With the pictures left out, write out the records verbatim.
──────── INPUT DATA ────────
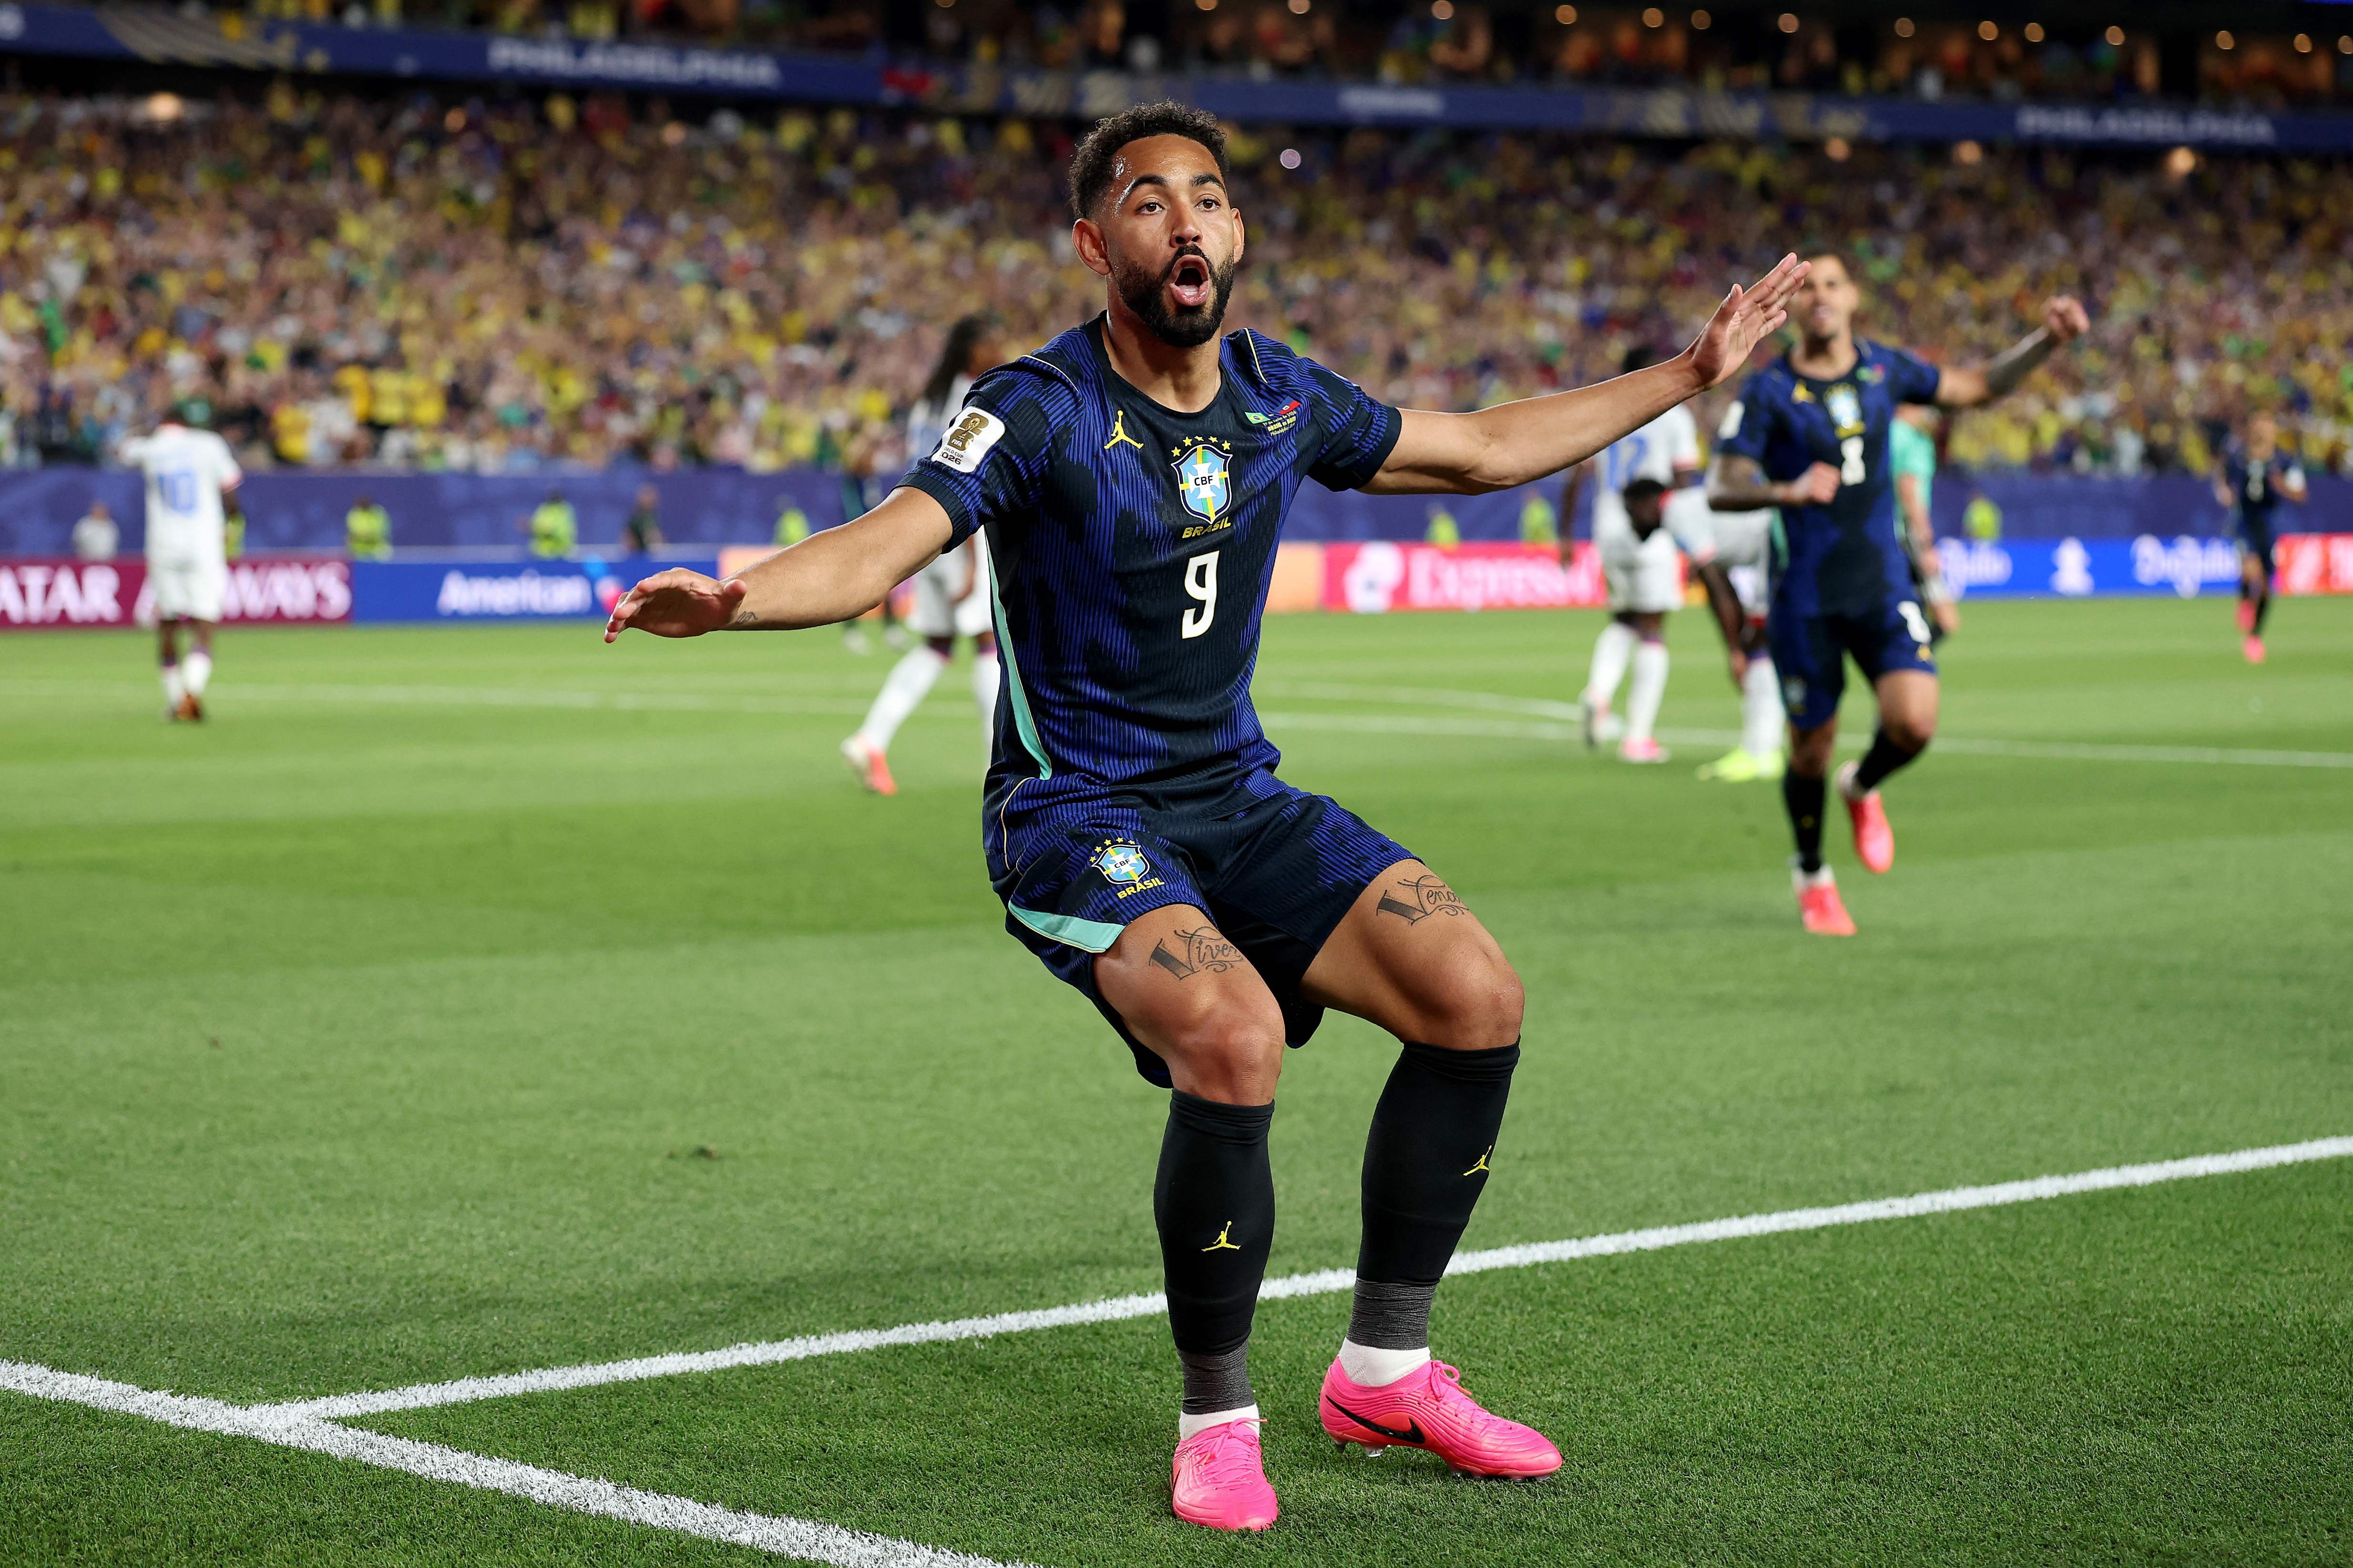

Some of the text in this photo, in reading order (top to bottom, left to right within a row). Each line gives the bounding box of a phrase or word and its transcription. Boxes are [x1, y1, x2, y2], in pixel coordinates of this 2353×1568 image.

[951, 438, 962, 447] FIFA
[940, 451, 962, 465] 026
[1194, 475, 1214, 487] CBF
[1182, 519, 1231, 539] BRASIL
[436, 570, 592, 616] American
[1182, 550, 1220, 639] 9
[1114, 858, 1130, 868] CBF
[1117, 877, 1165, 899] BRASIL
────────
• [REPLY TO THE TASK]:
Some of the text in this photo, in reading order (top to bottom, left to right within a row). Each line gives the bounding box of a phrase or word and its transcription. Boxes are [x1, y1, x2, y2], in pixel coordinates of this 2353×1568 image.

[951, 438, 962, 447] FIFA
[940, 451, 962, 465] 026
[1194, 475, 1214, 487] CBF
[1182, 519, 1231, 539] BRASIL
[436, 570, 592, 616] American
[1182, 550, 1220, 639] 9
[1114, 858, 1130, 868] CBF
[1117, 877, 1165, 899] BRASIL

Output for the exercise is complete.